1. An image similarity judging method is characterized by comprising the following steps:

inputting images in an image group with similarity to be calculated into a trained first discrimination model to obtain a first similarity evaluation value of the images in the image group with the similarity to be calculated;

processing the images of the image group with the similarity to be calculated through a second model to obtain a second similarity evaluation value of the images in the image group with the similarity to be calculated;

and inputting the first similarity evaluation value and the second similarity evaluation value into a trained evaluation model to obtain similarity evaluation data of the images in the image group with the similarity to be calculated.

2. The method according to claim 1, wherein the first discriminant model comprises a plurality of convolutional neural network models and a full connection layer, and the number of the convolutional neural network models is not less than the number of images included in the image group with the similarity to be calculated.

3. The method according to claim 2, wherein the inputting the images in the image group with the similarity to be calculated into the trained first discriminant model to obtain the first similarity evaluation value of the images in the image group with the similarity to be calculated comprises:

respectively inputting the images in the image group with the similarity to be calculated into a convolutional neural network model;

4. The method of claim 2 or 3, wherein the weight matrices used within the plurality of convolutional neural network models are the same, and the structures of the plurality of convolutional neural network models are identical.
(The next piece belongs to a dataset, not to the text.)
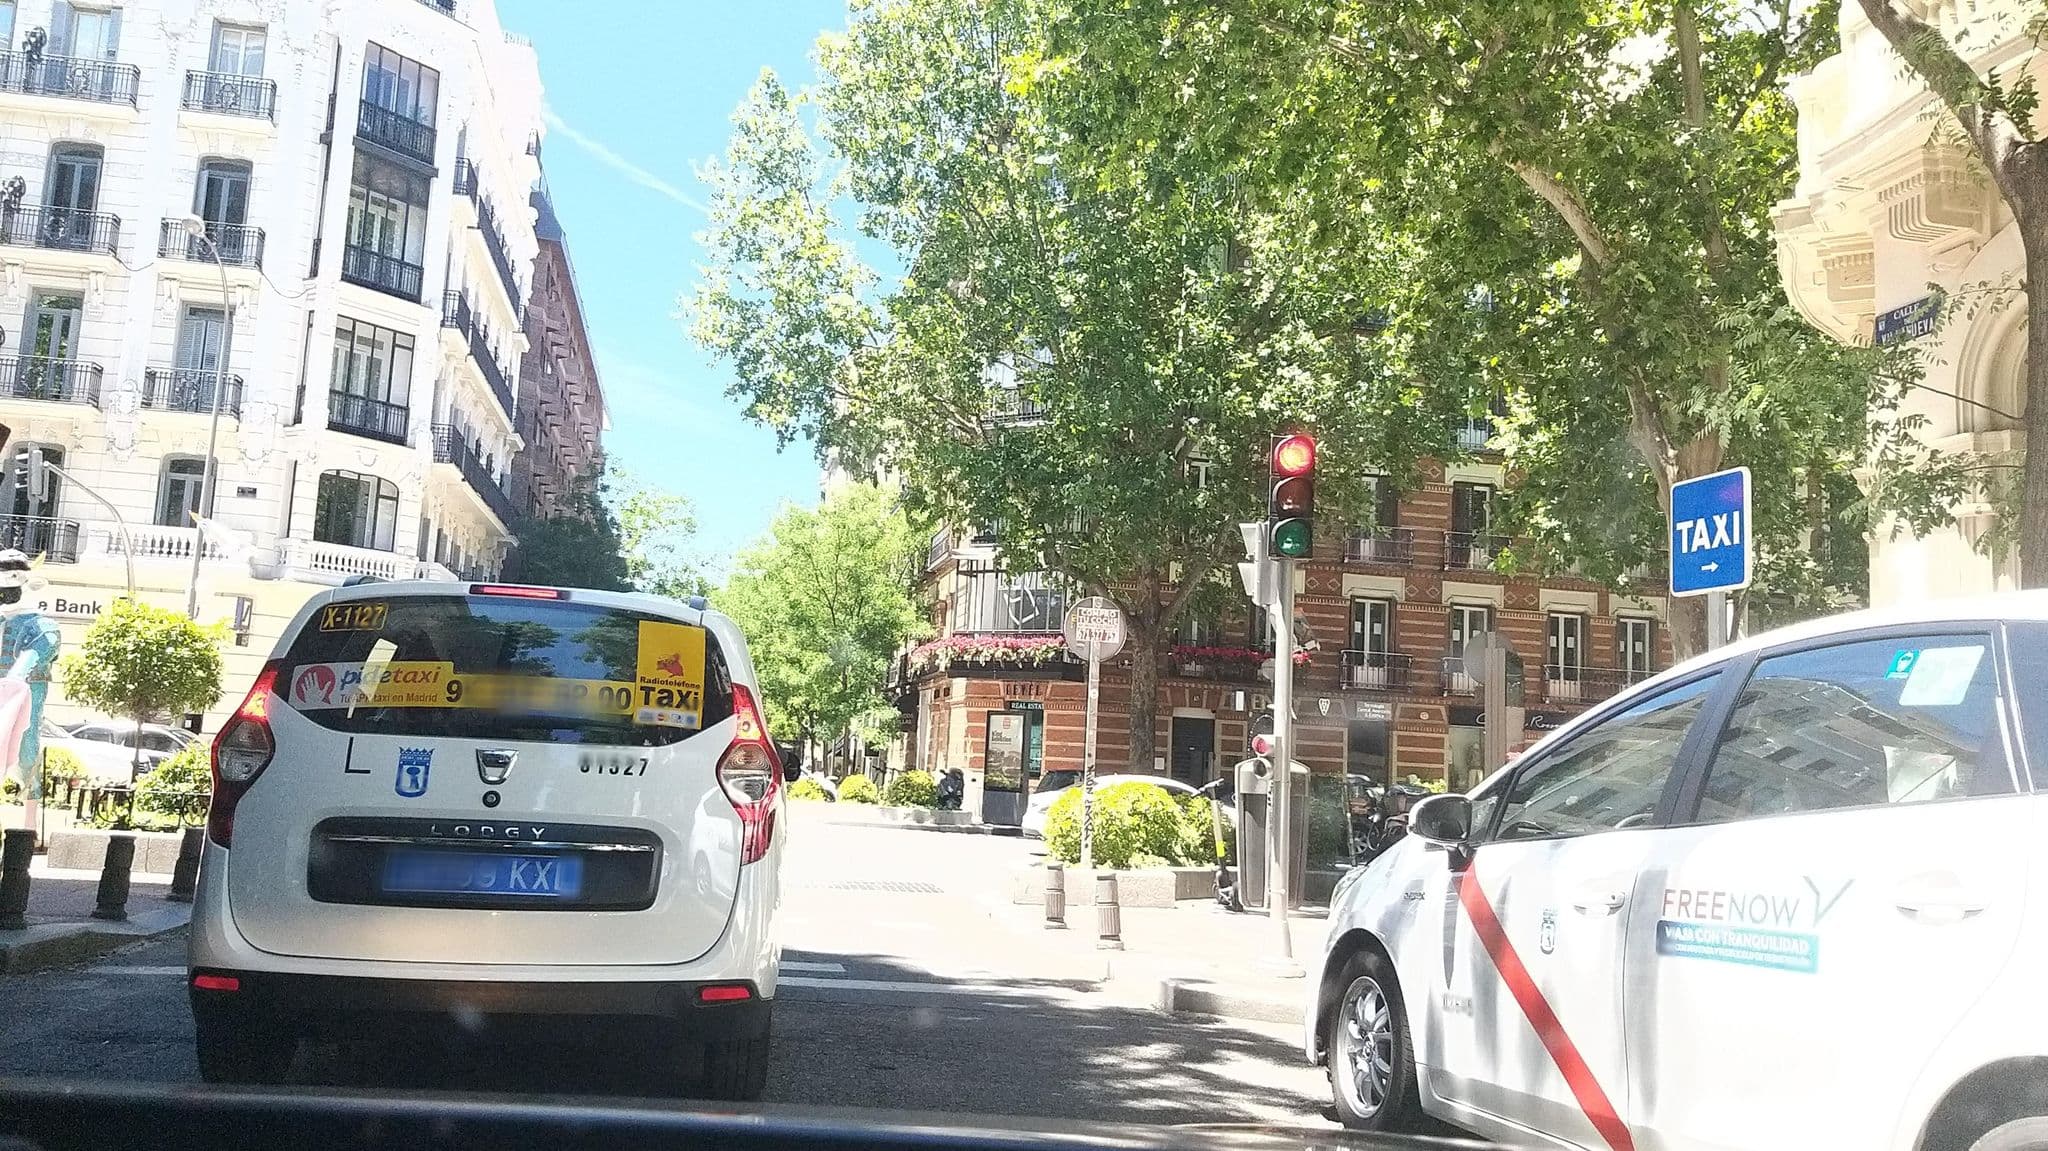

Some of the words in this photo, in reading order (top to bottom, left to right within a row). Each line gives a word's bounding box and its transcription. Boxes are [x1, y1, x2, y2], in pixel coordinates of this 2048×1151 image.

5. The method of claim 2 or 3, wherein the convolutional neural network model is composed of a plurality of first convolutional network blocks and a plurality of second convolutional network blocks arranged at intervals.

6. The method of claim 5, wherein the first convolutional network block sequentially comprises a convolutional layer, a pooling layer, and an activation layer, and wherein the second convolutional network block sequentially comprises a convolutional layer and an activation layer.

7. The method according to claim 1, wherein the subjecting the images in the image group with the similarity to be calculated to the second model processing to obtain a second similarity evaluation value of the images in the image group with the similarity to be calculated comprises:

converting the reduced image into a gray image;

8. The method according to claim 1, wherein the inputting the first similarity evaluation value and the second similarity evaluation value into a trained evaluation model to obtain similarity evaluation data of the images in the image group with the similarity to be calculated comprises:

9. An image similarity determination system, comprising:

the first prediction module is used for inputting the images in the image group with the similarity to be calculated into a trained first discrimination model to obtain a first similarity evaluation value of the images in the image group with the similarity to be calculated;

the second prediction module is used for processing the images of the image group with the similarity to be calculated through a second model to obtain a second similarity evaluation value of the images in the image group with the similarity to be calculated;

and the judging module is used for inputting the first similarity evaluation value and the second similarity evaluation value into a trained evaluation model to obtain similarity evaluation data of the images in the image group with the similarity to be calculated.

10. An image similarity judging device comprises a processor and a memory; the memory is configured to store instructions, and the instructions, when executed by the processor, cause the apparatus to implement operations corresponding to the image similarity determination method according to any one of claims 1 to 8.